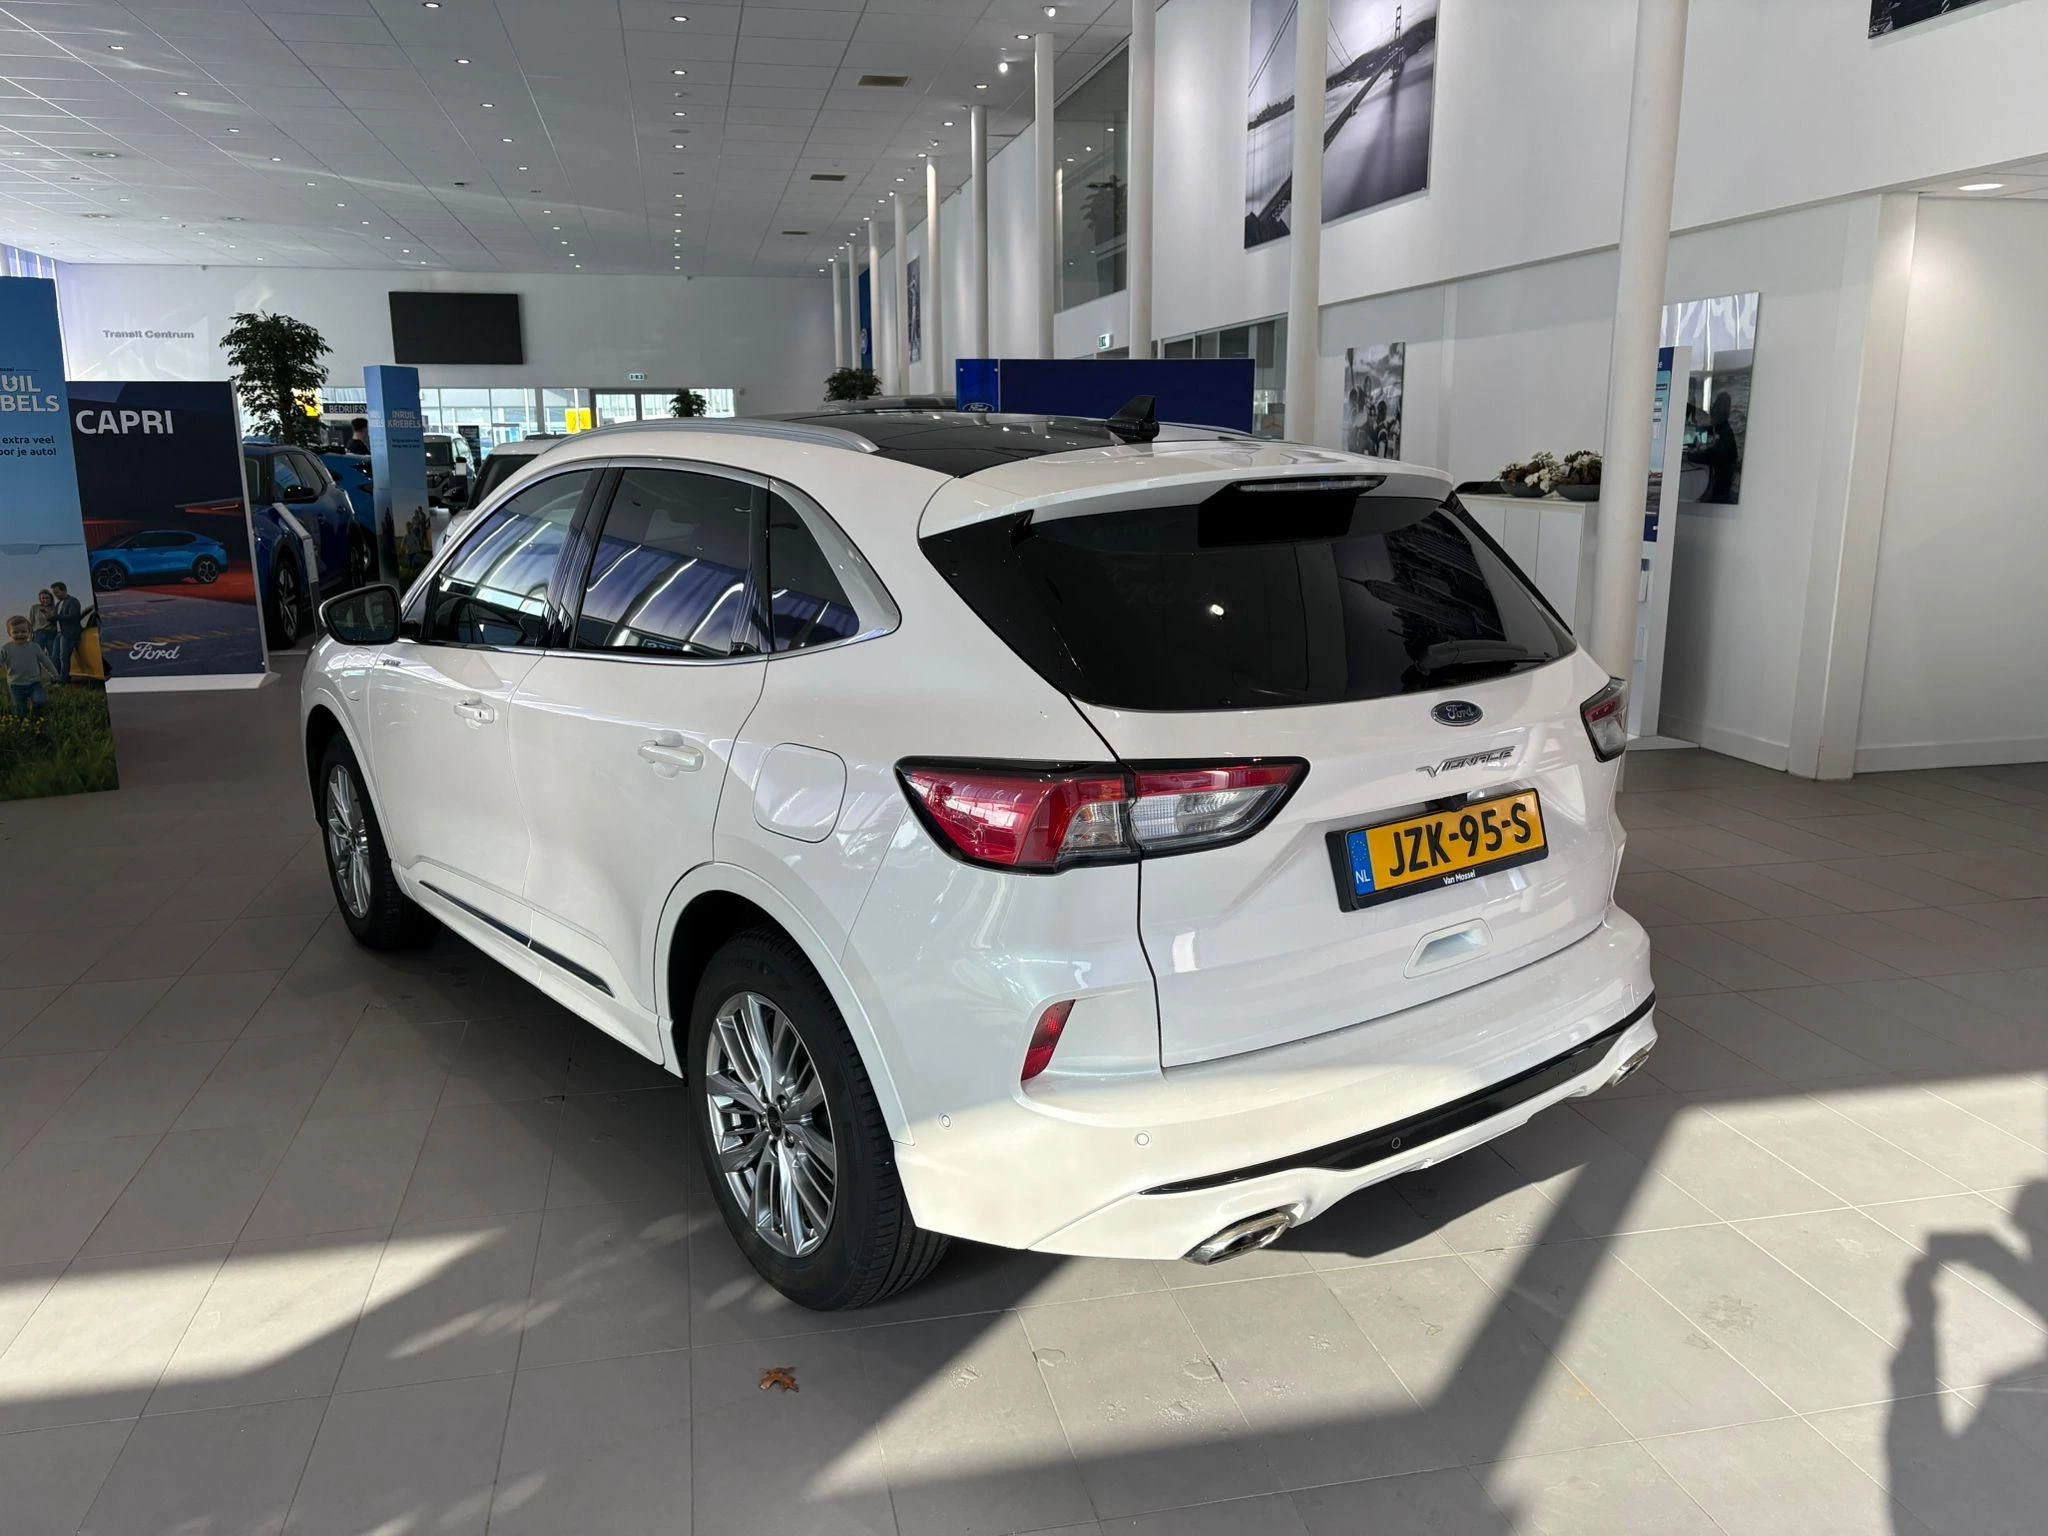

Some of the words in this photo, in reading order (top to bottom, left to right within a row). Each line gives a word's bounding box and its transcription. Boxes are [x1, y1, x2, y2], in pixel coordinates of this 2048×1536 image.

[103, 330, 143, 338] Transit
[145, 330, 194, 339] Centrum
[0, 374, 42, 393] UIL
[76, 409, 174, 435] CAPRI
[2, 436, 30, 444] extra
[33, 435, 55, 444] veel
[17, 447, 27, 457] je
[30, 447, 57, 456] auto!
[129, 641, 180, 660] Ford
[1446, 704, 1474, 720] Ford
[1416, 745, 1515, 778] VIGNALE
[1389, 803, 1532, 877] JZK-95-S
[1355, 869, 1371, 884] NL
[1442, 875, 1455, 886] Van
[1455, 869, 1476, 882] Mossel
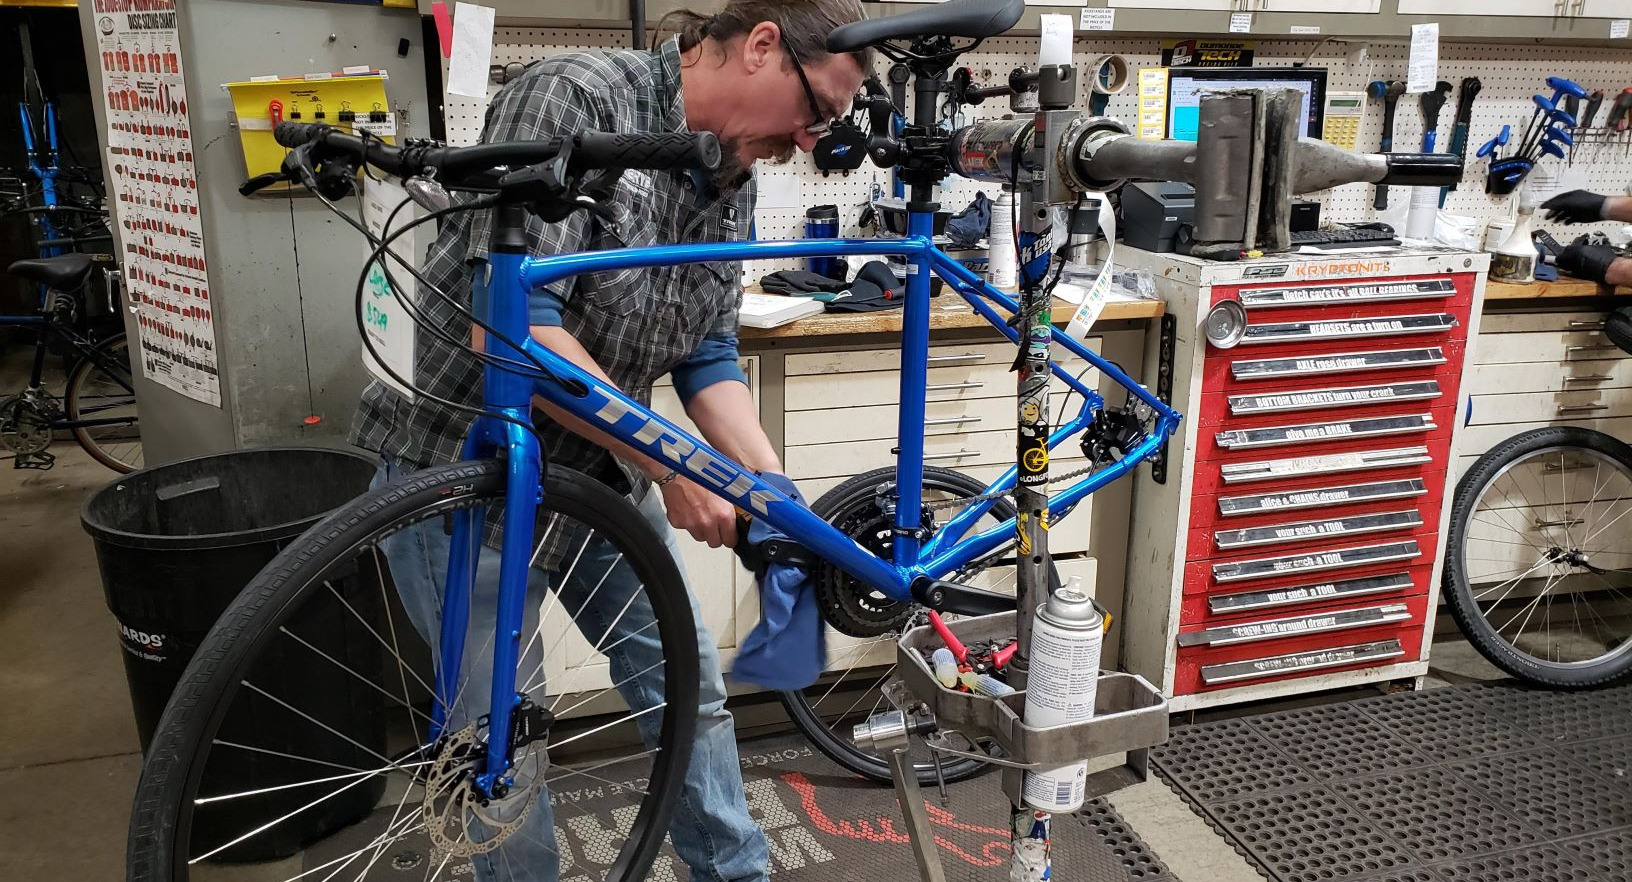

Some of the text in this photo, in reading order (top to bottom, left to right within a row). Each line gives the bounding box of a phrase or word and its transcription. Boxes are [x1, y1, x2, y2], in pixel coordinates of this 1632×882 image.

[1336, 357, 1366, 368] drawer
[1256, 396, 1291, 408] BOTTOM
[1292, 392, 1333, 405] BRACKETS
[1305, 429, 1319, 438] me
[1326, 424, 1352, 436] BRAKE
[593, 385, 786, 516] TREK
[1260, 497, 1282, 508] alice
[1320, 490, 1349, 502] drawer
[1319, 525, 1324, 533] a
[1324, 522, 1345, 532] TOOL
[1322, 553, 1343, 564] TOOL
[1316, 584, 1337, 596] TOOL
[1278, 620, 1307, 633] around
[1307, 617, 1336, 629] drawer

+++++

Please make an exact copy of the records, leaving out any picture.

__YOUR RESPONSE__.
Some of the words in this photo, in reading order (top to bottom, left to right within a row). Each line gives a word's bounding box and its transcription. Boxes are [x1, y1, x2, y2], in pixel coordinates of this 2048×1536 image.

[103, 330, 143, 338] Transit
[145, 330, 194, 339] Centrum
[0, 374, 42, 393] UIL
[76, 409, 174, 435] CAPRI
[2, 436, 30, 444] extra
[33, 435, 55, 444] veel
[17, 447, 27, 457] je
[30, 447, 57, 456] auto!
[129, 641, 180, 660] Ford
[1446, 704, 1474, 720] Ford
[1416, 745, 1515, 778] VIGNALE
[1389, 803, 1532, 877] JZK-95-S
[1355, 869, 1371, 884] NL
[1442, 875, 1455, 886] Van
[1455, 869, 1476, 882] Mossel

Some of the text in this photo, in reading order (top to bottom, left to right within a row). Each line gives the bounding box of a phrase or word and its transcription. Boxes are [x1, y1, x2, y2], in pixel coordinates of this 1632×882 image.

[1336, 357, 1366, 368] drawer
[1256, 396, 1291, 408] BOTTOM
[1292, 392, 1333, 405] BRACKETS
[1305, 429, 1319, 438] me
[1326, 424, 1352, 436] BRAKE
[593, 385, 786, 516] TREK
[1260, 497, 1282, 508] alice
[1320, 490, 1349, 502] drawer
[1319, 525, 1324, 533] a
[1324, 522, 1345, 532] TOOL
[1322, 553, 1343, 564] TOOL
[1316, 584, 1337, 596] TOOL
[1278, 620, 1307, 633] around
[1307, 617, 1336, 629] drawer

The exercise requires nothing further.